The Colorado Village Collaborative had been poised to manage the safe outdoor space first proposed for the Coliseum parking lot and then for a plaza alongside the Blair Caldwell library branch. Cole Chandler, director of the Colorado Village Collaborative, said his nonprofit was now set to manage the camp proposed on the Community Church lot. Another nonprofit, Earthlink, would manage the First Baptist site, Chandler said. Each site was large enough for 30 tents and a maximum of 40 people. The Interfaith Alliance said it hoped up to three additional sites could be identified elsewhere in the city early next year.
Leiker said he was familiar with the organizations involved and believed that "they'll deliver with great success."
The Interfaith Alliance has offices at First Baptist. But the church's Rev. Henderson said it was conversations with Leiker and others that first got him thinking about offering his parking lot for a sanctioned camp. Henderson said supporting people experiencing homelessness is part of the church's history. It's lower level hosted a men's shelter for 20 years starting in the 1990s. In more recent years, it sheltered women experiencing homelessness a few nights a month as part of a network of churches that provided that service.
Chandler said plans were for First Baptist to host women and transgender people and the Community Church camp to host single men and women, couples, people with pets and LGBTQ individuals.
Chandler said he hoped the camps would open in early December.
"It's just really critical that we respond to the needs of our neighbors on the streets, especially as (COVID) cases are rising," Chandler said.
Chandler said the coming winter was another reason he hoped the camps would be open soon. He said insulated tents and electrical heating pads under the tents were among the steps being considered to ensure people were warm.

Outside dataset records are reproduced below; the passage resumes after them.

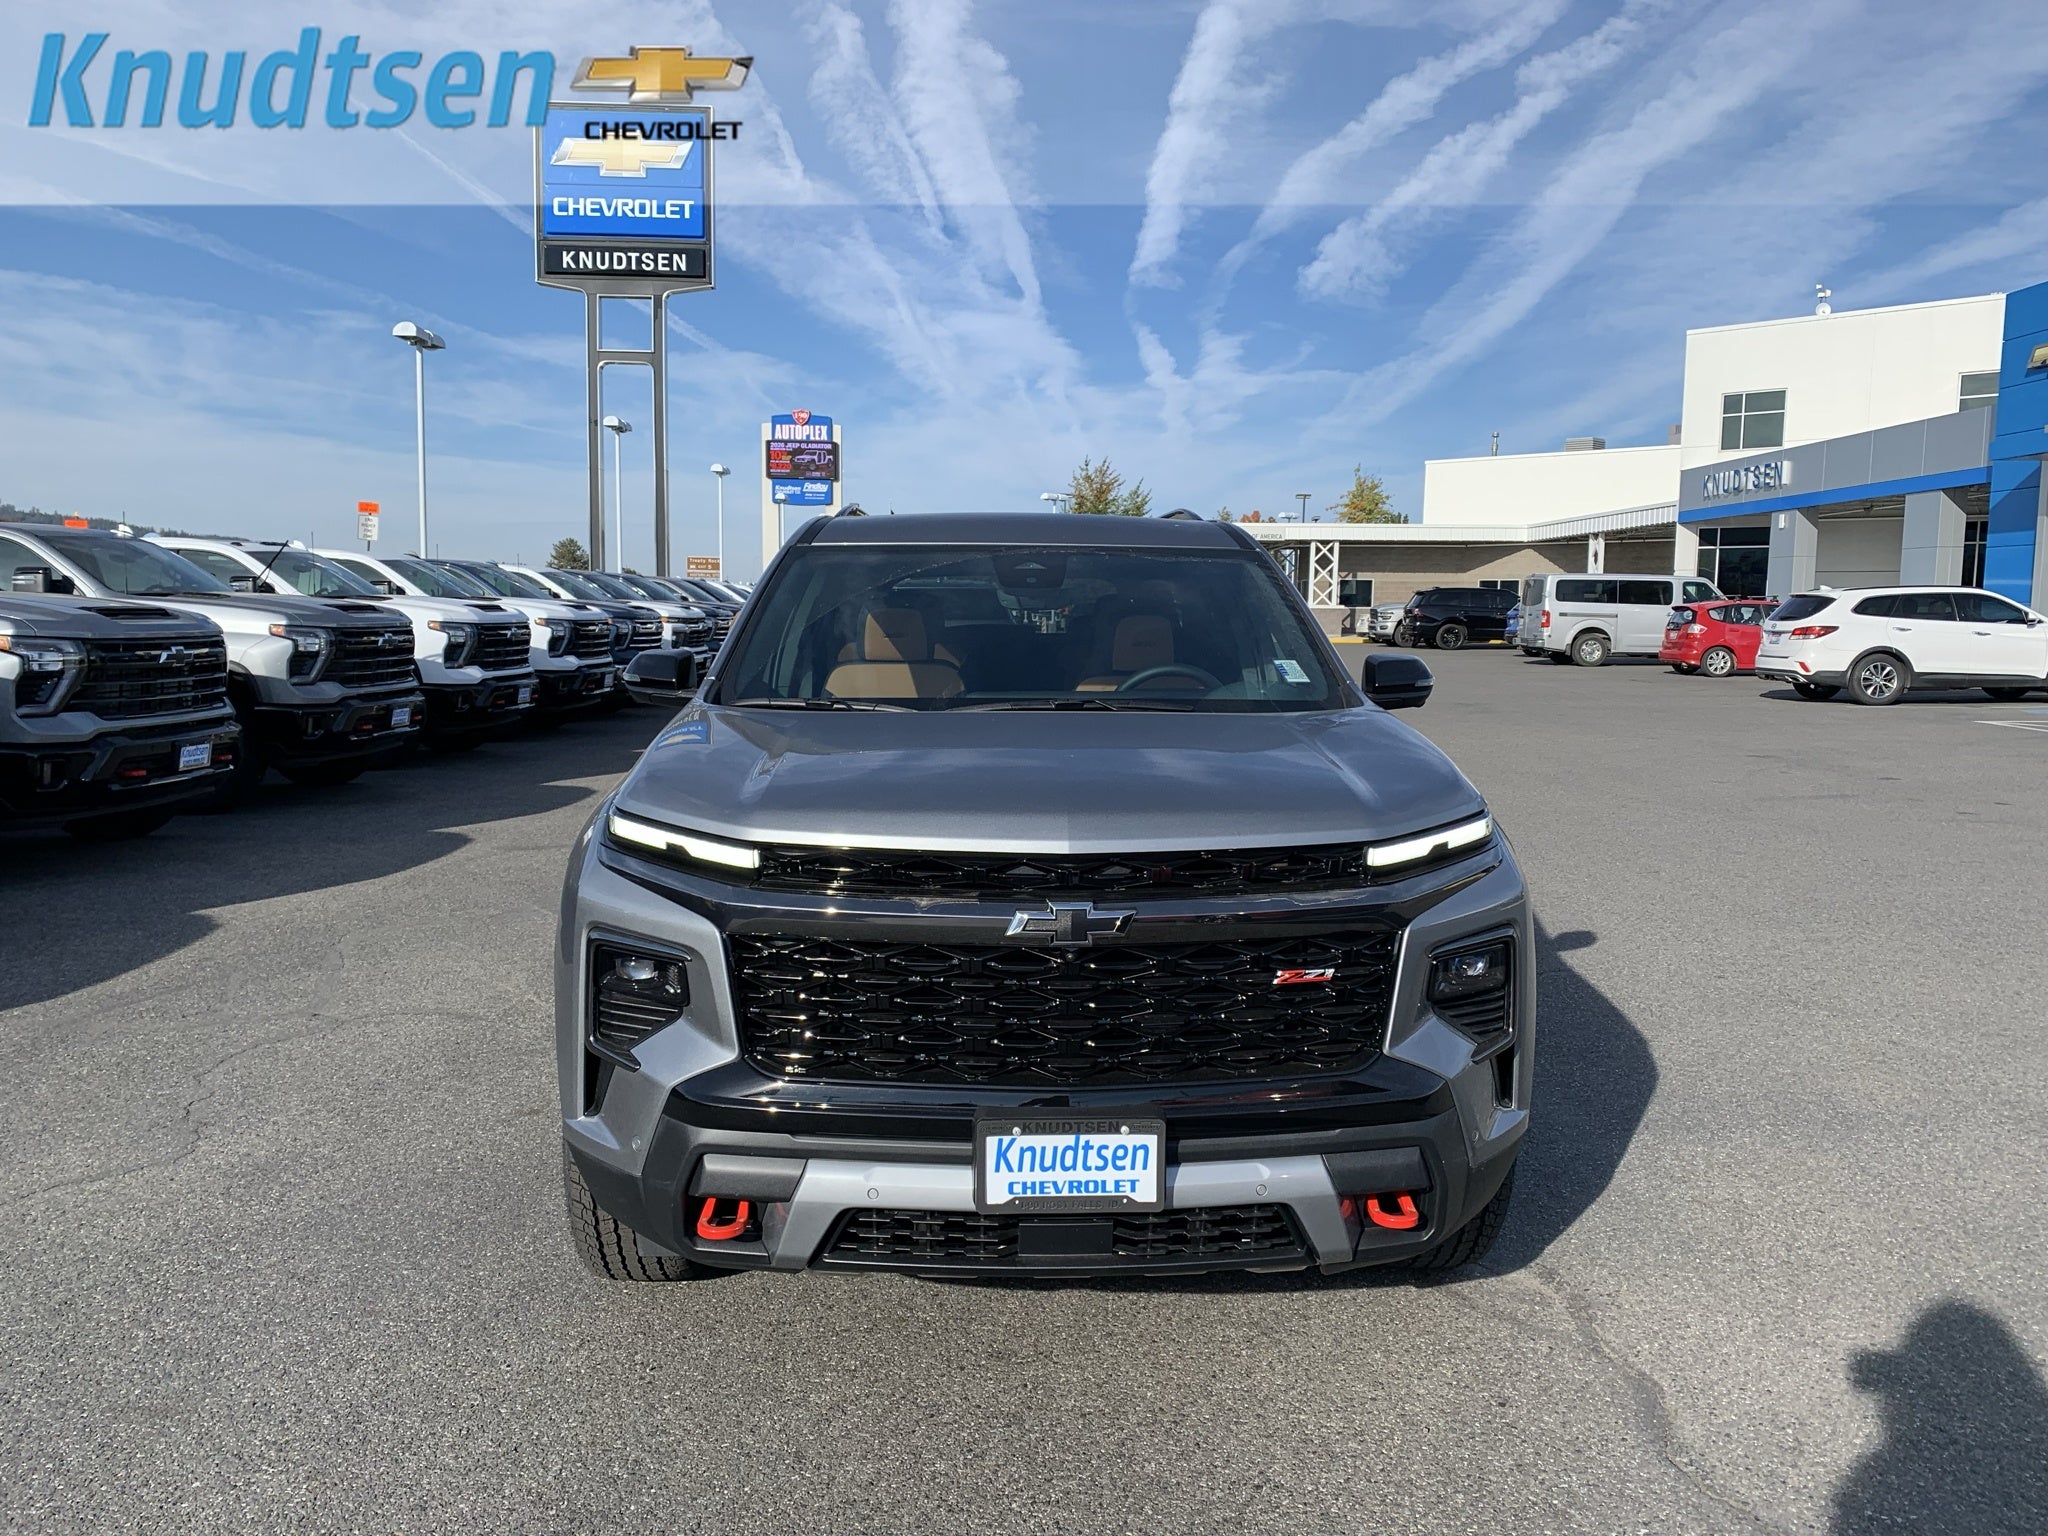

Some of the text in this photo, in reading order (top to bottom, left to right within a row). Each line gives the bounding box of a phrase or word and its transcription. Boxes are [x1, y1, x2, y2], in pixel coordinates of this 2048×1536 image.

[553, 197, 695, 219] CHEVROLET
[562, 250, 687, 271] KNUDTSEN
[774, 424, 828, 440] AUTOPLEX
[1703, 460, 1783, 497] KNUDTSEN
[1021, 1121, 1121, 1133] KNUDTSEN
[994, 1135, 1150, 1173] Knudtsen
[1008, 1179, 1140, 1195] CHEVROLET

After the two previous sites fell through, Chandler's organization embarked on a community outreach effort to build support. The outreach has included setting up a mock uninhabited camp for a weekend in the parking lot of Belong Church in North Capitol Hill. Belong is not one of the churches that has offered to host a real camps.
Trompeter, of the Uptown on the Hill neighborhood group, lives near Belong Church and toured the mock camp when it was there.
"I liked the idea of showing the possibility," she said.